Nanotechnology is the understanding and control of matter at dimensions (between 1 and 100 nano meters). To put things in context, a nano meter is one billionth of a meter. A sheet of paper is 100,000 nano meters thick. A single gold atom is one third of a nano meter in diameter. Within the scope of nano-science, involves imaging, measuring, modeling and manipulating matter. At this scale, nano particles enjoy unusual physical, chemical and biological properties, from the properties of bulk materials (with similar composition).

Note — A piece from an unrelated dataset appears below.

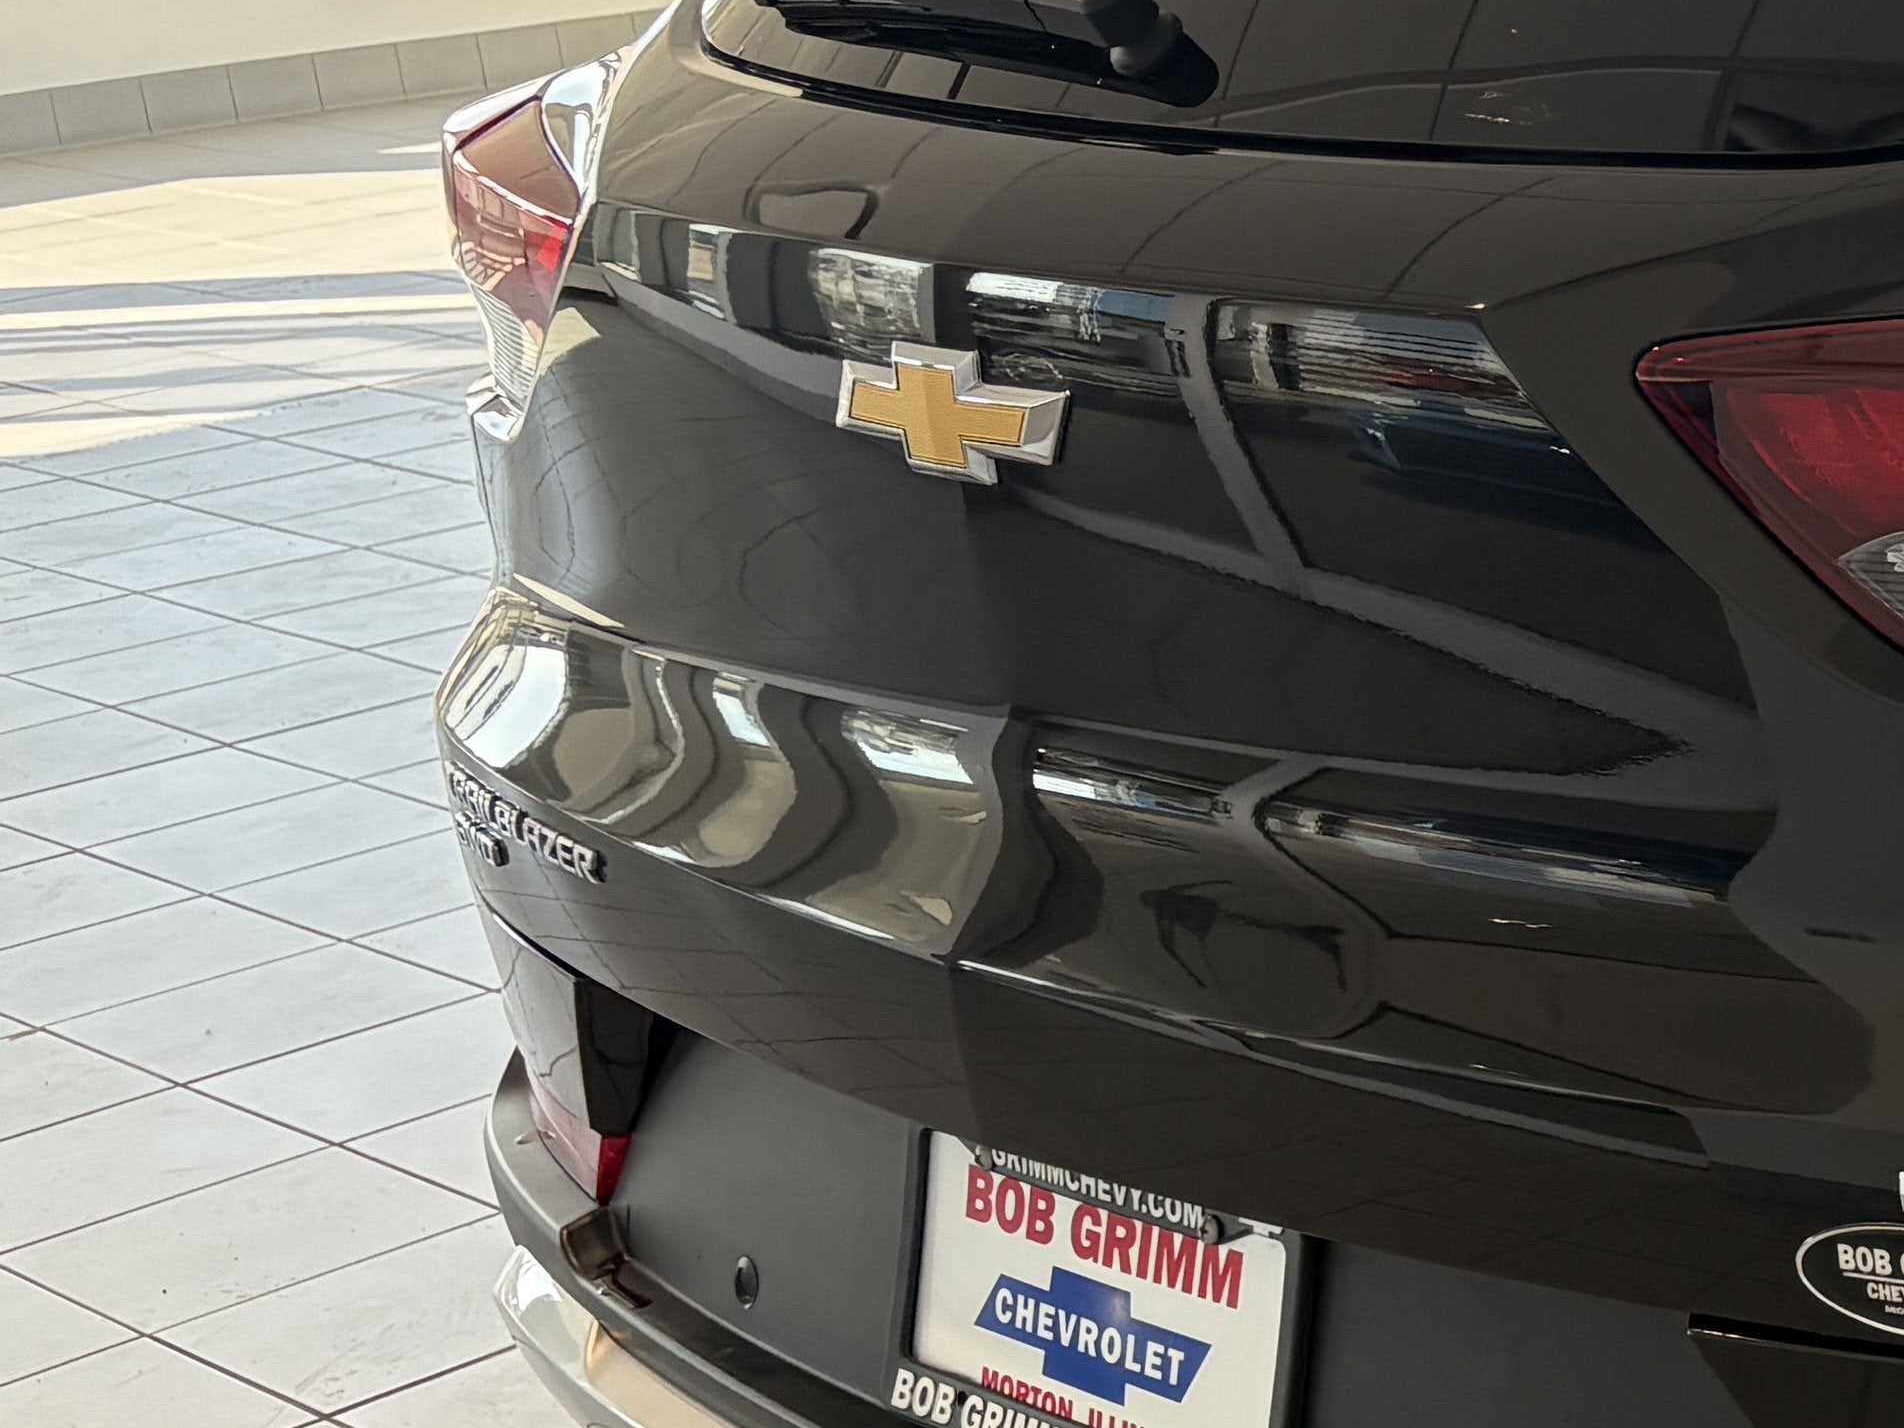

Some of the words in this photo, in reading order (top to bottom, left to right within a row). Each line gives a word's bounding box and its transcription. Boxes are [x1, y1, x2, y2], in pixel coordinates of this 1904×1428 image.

A bulk form of gold is chemically inert. The minute gold nano-particles come in different appearances and color, and has strong potential to be used as a major catalyst, including in the case for diagnosing and treating cancer.

Another example of nanotechnology is the carbon nano tubes. Bulk carbon is waste by-product of combustion, whereas Graphene (the subject of 2010 Nobel Prize in Physics) – exhibit remarkable mechanical and electrical properties – that could enable the next generation of computers, and composites. Graphene is stronger than steel. Semi-conductor nano particles, also known as ‘Quantum Dots’ are now being used in flat-panel TVs and light bulbs – to provide more vivid and accurate colors. Quantum Dots semi-conductor nano particles have all three dimensions confined to 1 – 100 nano meters.

This is just the beginning of the upcoming nanotechnology wide-scale adoption. We shall be seeing extensive disruptions in the areas, ranging from electronics to energy conversion, medicine and advanced manufacturing. Nanotechnology-enabled products are projected to have values of $ 3 trillion by 2018 (according to Lux Research, Feb 2014, nanotechnology Update: Corporations Up their Spending as Revenues for nano-enabled Products Increase, available by subscription at As per the analysis highlighted by the National Nanotechnology Initiative (NNI), nanotechnology shall make profound impact on the

#1) Economy

#2) National security

#3) Health care

At the same time, offering an opportunity to excite a new generation of students to choose careers in science, technology, engineering and math.